What you need to do
Your copy should start at the line with "this 1280×1260 image." and end at the line with "this 1250×1173 image." in the data below. Transcribe only those lines, exactly, pictures excluded.

● ● ● ● ●

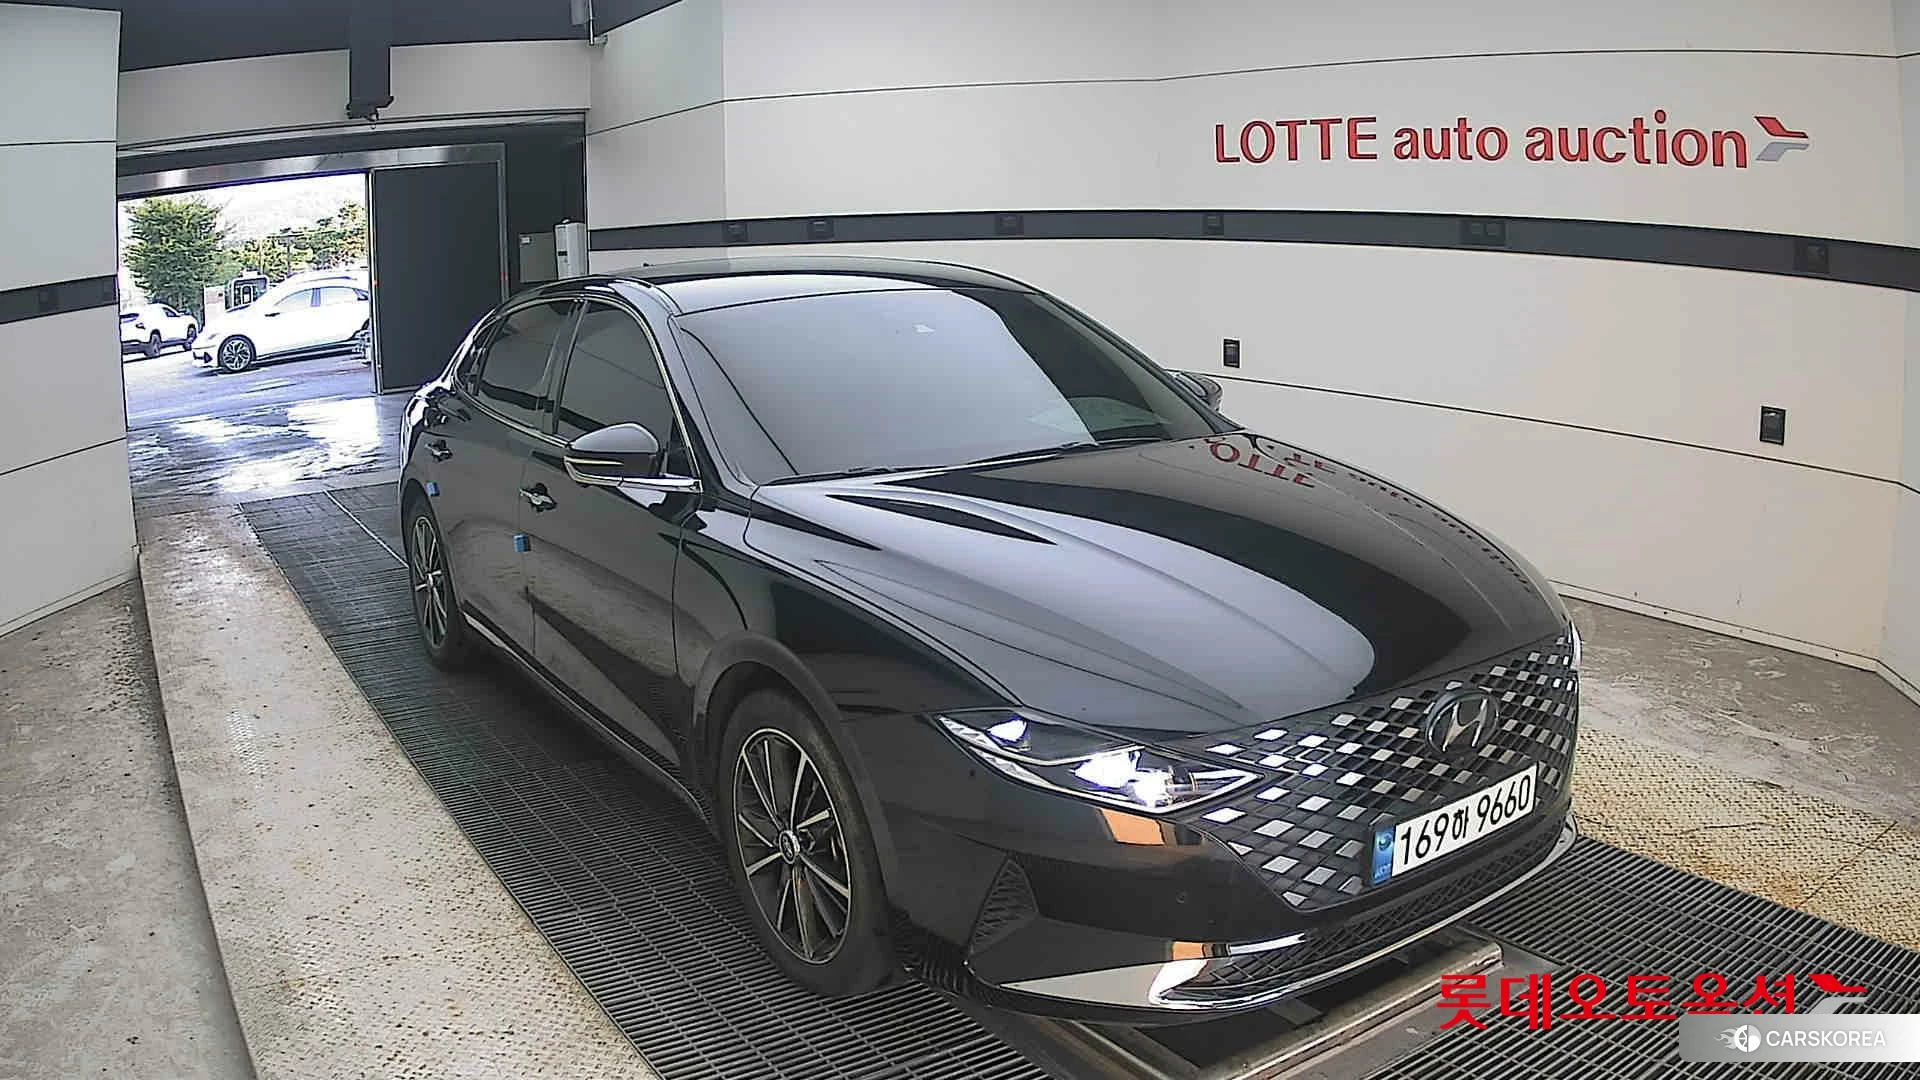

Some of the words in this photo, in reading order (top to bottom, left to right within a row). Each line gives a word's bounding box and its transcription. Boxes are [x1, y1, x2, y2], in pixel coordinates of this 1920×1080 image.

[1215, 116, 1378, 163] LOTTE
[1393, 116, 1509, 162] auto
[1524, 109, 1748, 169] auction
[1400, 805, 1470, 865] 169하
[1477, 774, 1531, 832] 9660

● ● ● ● ●

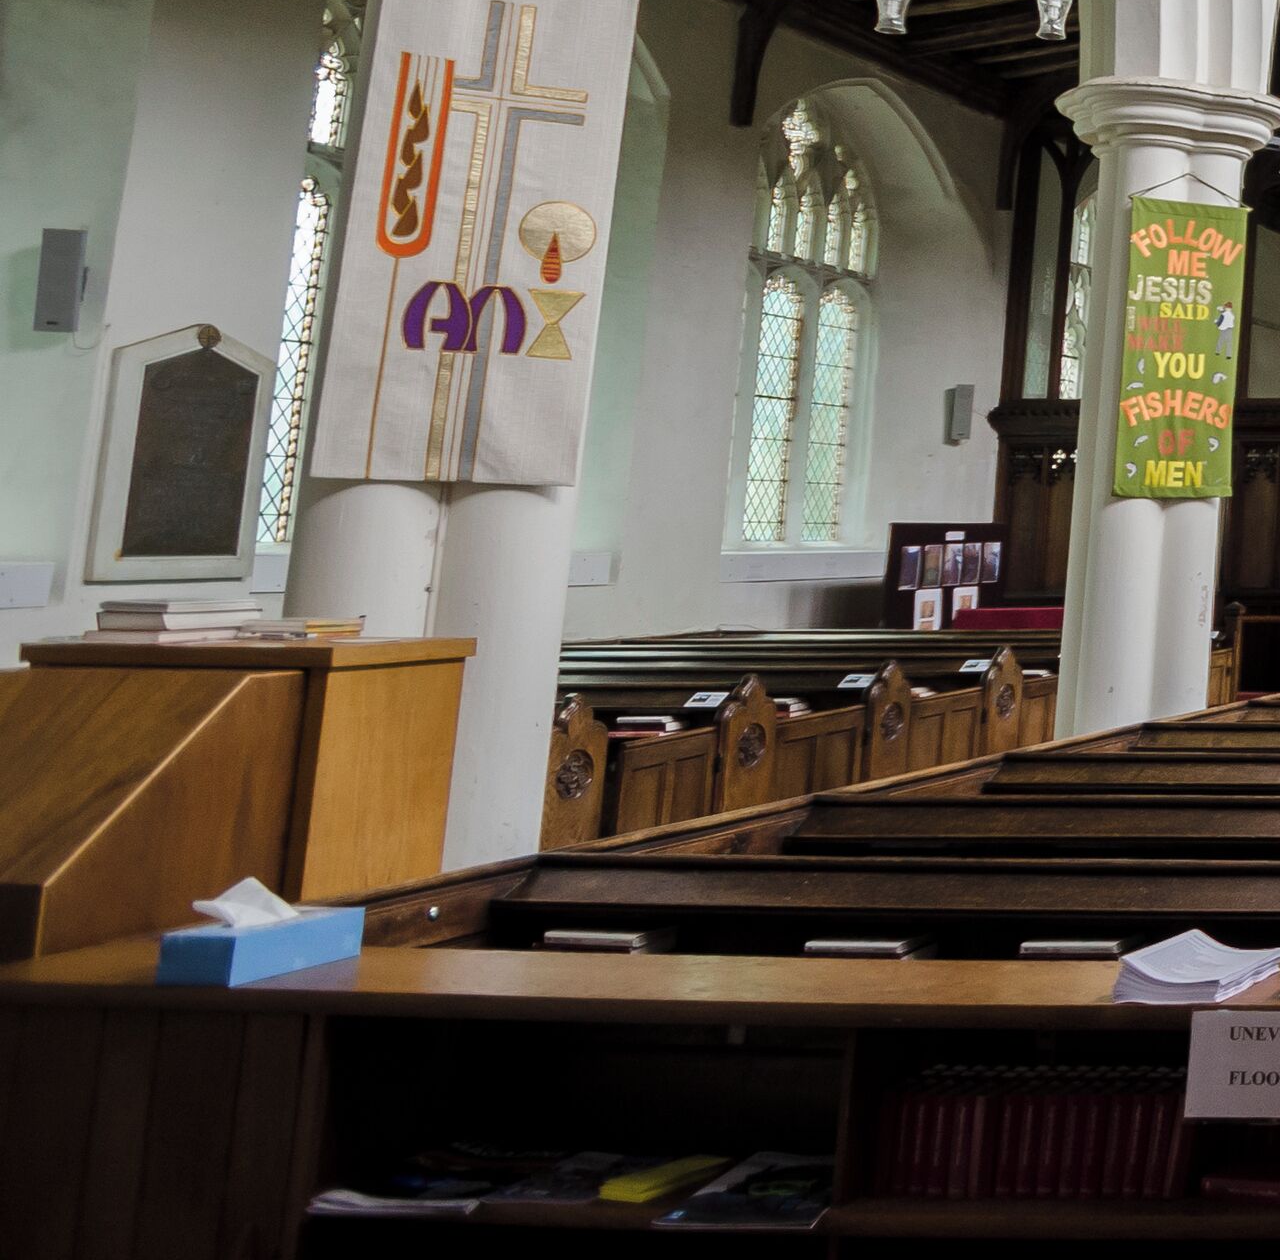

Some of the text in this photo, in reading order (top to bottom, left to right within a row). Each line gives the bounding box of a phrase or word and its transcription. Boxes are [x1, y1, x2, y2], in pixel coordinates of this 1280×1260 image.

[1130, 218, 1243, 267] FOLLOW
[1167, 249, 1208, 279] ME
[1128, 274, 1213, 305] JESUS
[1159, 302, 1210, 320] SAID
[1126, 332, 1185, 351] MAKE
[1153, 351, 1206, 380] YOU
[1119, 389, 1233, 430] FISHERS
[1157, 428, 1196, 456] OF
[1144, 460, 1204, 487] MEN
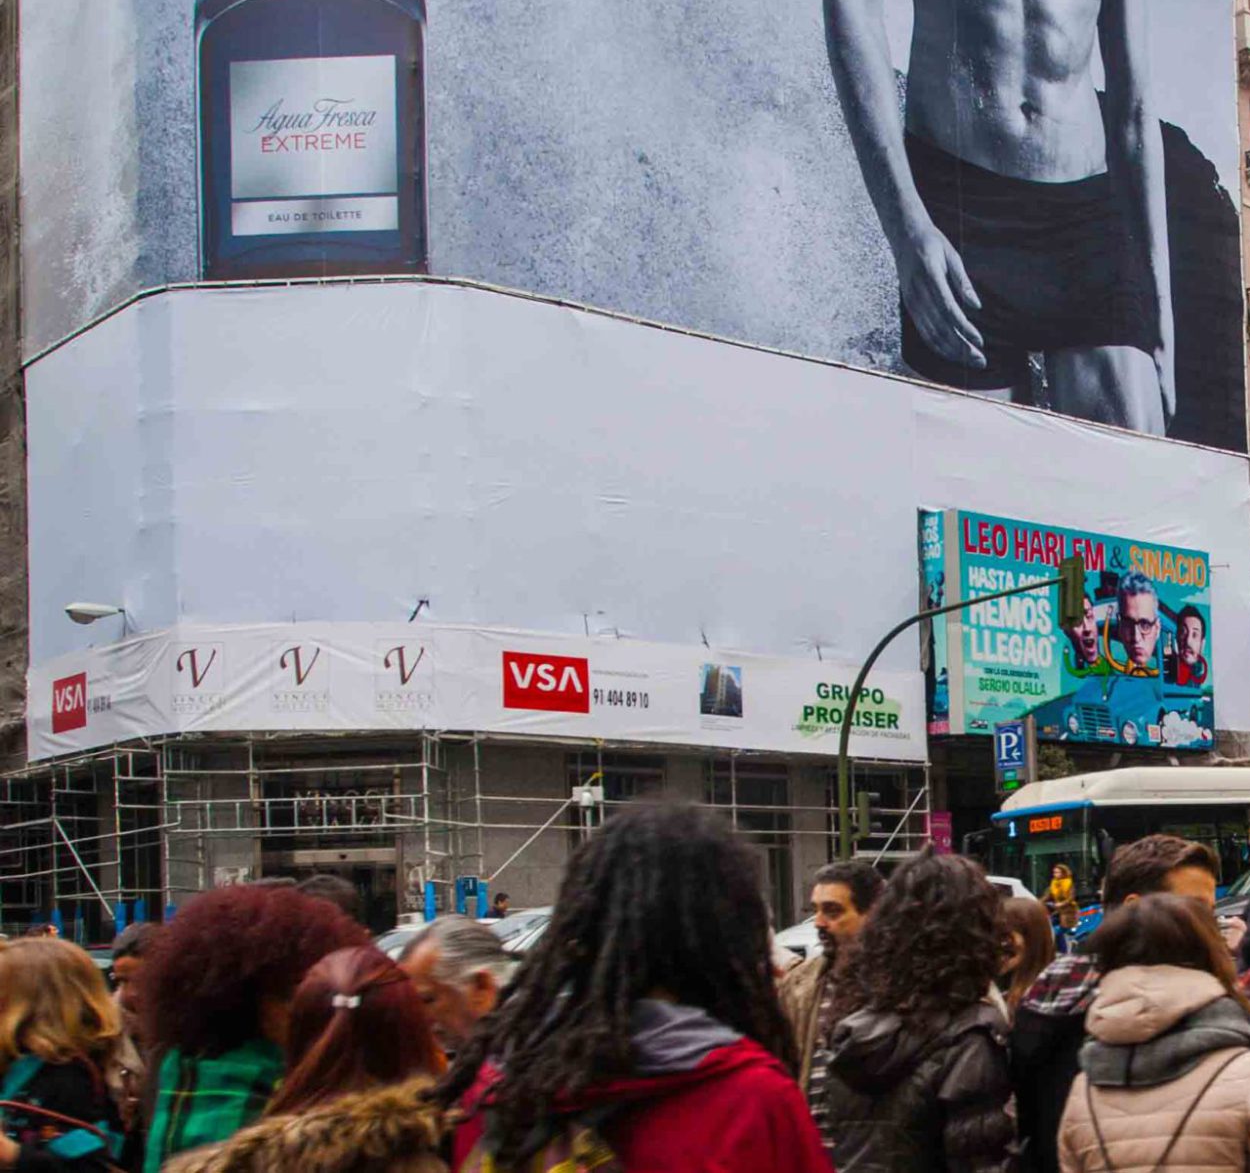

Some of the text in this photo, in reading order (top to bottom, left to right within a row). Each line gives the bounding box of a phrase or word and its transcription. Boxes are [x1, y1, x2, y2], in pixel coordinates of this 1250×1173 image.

● ● ● ● ●

Result below
Some of the text in this photo, in reading order (top to bottom, left to right within a row). Each line gives the bounding box of a phrase or word and its transcription. Boxes are [x1, y1, x2, y2], in pixel coordinates of this 1280×1260 image.

[1130, 218, 1243, 267] FOLLOW
[1167, 249, 1208, 279] ME
[1128, 274, 1213, 305] JESUS
[1159, 302, 1210, 320] SAID
[1126, 332, 1185, 351] MAKE
[1153, 351, 1206, 380] YOU
[1119, 389, 1233, 430] FISHERS
[1157, 428, 1196, 456] OF
[1144, 460, 1204, 487] MEN

Some of the text in this photo, in reading order (top to bottom, left to right within a row). Each line gives the bounding box of a phrase or word and its transcription. Boxes are [x1, y1, x2, y2], in pixel coordinates of this 1250×1173 image.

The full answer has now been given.